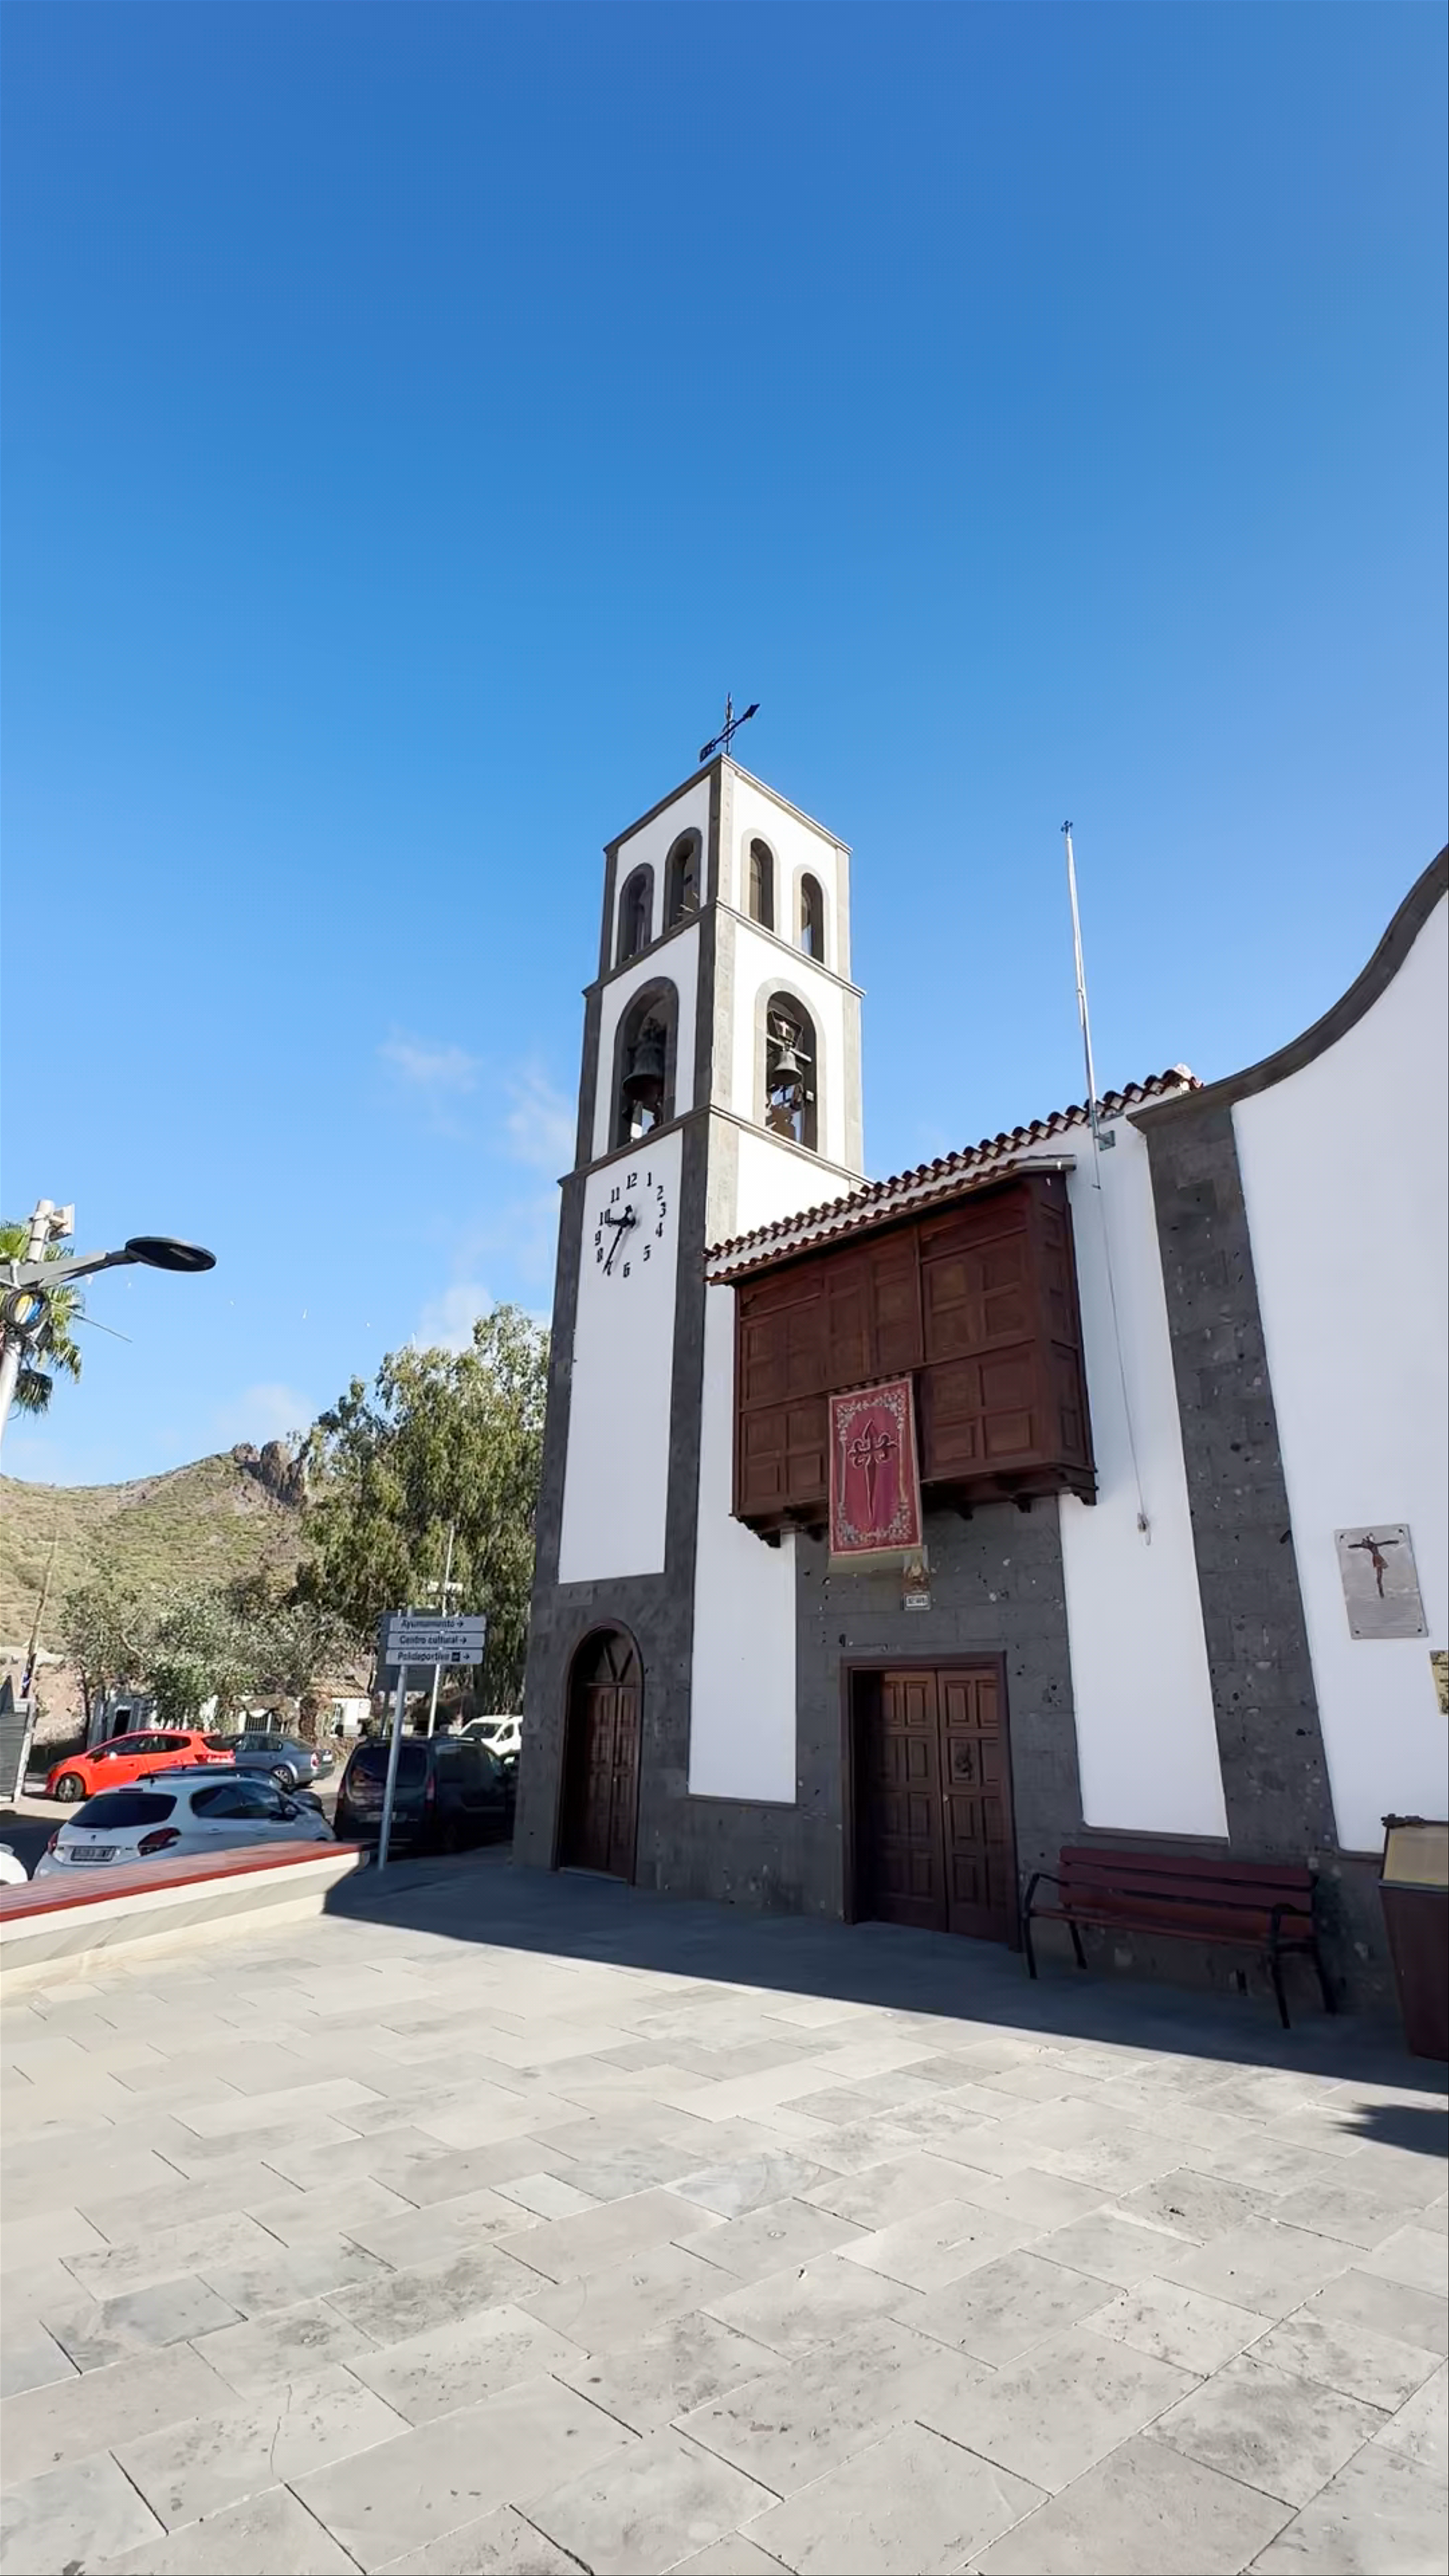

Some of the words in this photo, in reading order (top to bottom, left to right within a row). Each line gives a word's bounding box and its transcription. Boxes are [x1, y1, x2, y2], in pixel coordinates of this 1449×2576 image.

[626, 1172, 637, 1189] 12
[647, 1172, 652, 1187] 1
[611, 1187, 620, 1203] 11
[657, 1185, 663, 1201] 2
[660, 1201, 666, 1218] 3
[655, 1222, 663, 1237] 4
[595, 1230, 601, 1246] 9
[597, 1247, 603, 1263] 8
[643, 1244, 651, 1261] 5
[623, 1262, 630, 1278] 6
[399, 1635, 426, 1644] Centro
[428, 1635, 458, 1644] cultural

::::::::::

Problem description. Copy the listing verbatim, omitting images.

Answer space.
Some of the words in this photo, in reading order (top to bottom, left to right within a row). Each line gives a word's bounding box and its transcription. Boxes are [x1, y1, x2, y2], in pixel coordinates of this 1449×2576 image.

[626, 1172, 637, 1189] 12
[647, 1172, 652, 1187] 1
[611, 1187, 620, 1203] 11
[657, 1185, 663, 1201] 2
[660, 1201, 666, 1218] 3
[655, 1222, 663, 1237] 4
[595, 1230, 601, 1246] 9
[597, 1247, 603, 1263] 8
[643, 1244, 651, 1261] 5
[623, 1262, 630, 1278] 6
[399, 1635, 426, 1644] Centro
[428, 1635, 458, 1644] cultural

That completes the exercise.